## What is needed
Set down all of the data that follows, keeping every character.

## Information

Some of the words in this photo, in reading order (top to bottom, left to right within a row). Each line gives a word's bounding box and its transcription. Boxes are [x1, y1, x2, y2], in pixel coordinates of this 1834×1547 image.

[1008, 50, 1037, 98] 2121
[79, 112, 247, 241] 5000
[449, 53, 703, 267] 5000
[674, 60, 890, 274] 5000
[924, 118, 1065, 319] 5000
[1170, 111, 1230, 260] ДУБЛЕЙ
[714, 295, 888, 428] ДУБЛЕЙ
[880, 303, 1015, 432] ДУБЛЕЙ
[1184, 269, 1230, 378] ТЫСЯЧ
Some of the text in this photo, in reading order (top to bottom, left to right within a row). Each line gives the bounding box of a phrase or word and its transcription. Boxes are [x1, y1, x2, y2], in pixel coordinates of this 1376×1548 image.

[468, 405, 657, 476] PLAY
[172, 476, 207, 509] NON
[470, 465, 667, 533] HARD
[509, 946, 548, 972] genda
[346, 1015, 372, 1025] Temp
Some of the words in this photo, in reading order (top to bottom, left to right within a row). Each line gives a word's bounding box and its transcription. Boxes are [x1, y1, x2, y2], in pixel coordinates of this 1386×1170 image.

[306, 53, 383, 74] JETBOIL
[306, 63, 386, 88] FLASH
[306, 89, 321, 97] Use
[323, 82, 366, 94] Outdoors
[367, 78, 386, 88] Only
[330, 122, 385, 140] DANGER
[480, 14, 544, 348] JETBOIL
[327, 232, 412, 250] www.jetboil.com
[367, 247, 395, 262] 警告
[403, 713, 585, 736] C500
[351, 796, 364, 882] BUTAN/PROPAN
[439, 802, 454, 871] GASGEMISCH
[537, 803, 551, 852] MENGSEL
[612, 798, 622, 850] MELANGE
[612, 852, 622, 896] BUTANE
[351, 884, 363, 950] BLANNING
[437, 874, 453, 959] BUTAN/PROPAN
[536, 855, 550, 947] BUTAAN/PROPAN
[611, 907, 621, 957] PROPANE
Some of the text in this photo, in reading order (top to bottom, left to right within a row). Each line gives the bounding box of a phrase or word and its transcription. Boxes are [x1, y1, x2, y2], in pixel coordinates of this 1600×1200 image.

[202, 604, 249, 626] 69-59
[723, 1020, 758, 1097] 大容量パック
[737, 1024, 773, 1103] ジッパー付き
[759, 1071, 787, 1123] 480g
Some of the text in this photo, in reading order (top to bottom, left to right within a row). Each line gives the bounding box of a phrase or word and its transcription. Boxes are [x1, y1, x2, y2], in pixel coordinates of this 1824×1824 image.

## Output for this task
Some of the words in this photo, in reading order (top to bottom, left to right within a row). Each line gives a word's bounding box and its transcription. Boxes are [x1, y1, x2, y2], in pixel coordinates of this 1834×1547 image.

[1008, 50, 1037, 98] 2121
[79, 112, 247, 241] 5000
[449, 53, 703, 267] 5000
[674, 60, 890, 274] 5000
[924, 118, 1065, 319] 5000
[1170, 111, 1230, 260] ДУБЛЕЙ
[714, 295, 888, 428] ДУБЛЕЙ
[880, 303, 1015, 432] ДУБЛЕЙ
[1184, 269, 1230, 378] ТЫСЯЧ
Some of the text in this photo, in reading order (top to bottom, left to right within a row). Each line gives the bounding box of a phrase or word and its transcription. Boxes are [x1, y1, x2, y2], in pixel coordinates of this 1376×1548 image.

[468, 405, 657, 476] PLAY
[172, 476, 207, 509] NON
[470, 465, 667, 533] HARD
[509, 946, 548, 972] genda
[346, 1015, 372, 1025] Temp
Some of the words in this photo, in reading order (top to bottom, left to right within a row). Each line gives a word's bounding box and its transcription. Boxes are [x1, y1, x2, y2], in pixel coordinates of this 1386×1170 image.

[306, 53, 383, 74] JETBOIL
[306, 63, 386, 88] FLASH
[306, 89, 321, 97] Use
[323, 82, 366, 94] Outdoors
[367, 78, 386, 88] Only
[330, 122, 385, 140] DANGER
[480, 14, 544, 348] JETBOIL
[327, 232, 412, 250] www.jetboil.com
[367, 247, 395, 262] 警告
[403, 713, 585, 736] C500
[351, 796, 364, 882] BUTAN/PROPAN
[439, 802, 454, 871] GASGEMISCH
[537, 803, 551, 852] MENGSEL
[612, 798, 622, 850] MELANGE
[612, 852, 622, 896] BUTANE
[351, 884, 363, 950] BLANNING
[437, 874, 453, 959] BUTAN/PROPAN
[536, 855, 550, 947] BUTAAN/PROPAN
[611, 907, 621, 957] PROPANE
Some of the text in this photo, in reading order (top to bottom, left to right within a row). Each line gives the bounding box of a phrase or word and its transcription. Boxes are [x1, y1, x2, y2], in pixel coordinates of this 1600×1200 image.

[202, 604, 249, 626] 69-59
[723, 1020, 758, 1097] 大容量パック
[737, 1024, 773, 1103] ジッパー付き
[759, 1071, 787, 1123] 480g
Some of the text in this photo, in reading order (top to bottom, left to right within a row). Each line gives the bounding box of a phrase or word and its transcription. Boxes are [x1, y1, x2, y2], in pixel coordinates of this 1824×1824 image.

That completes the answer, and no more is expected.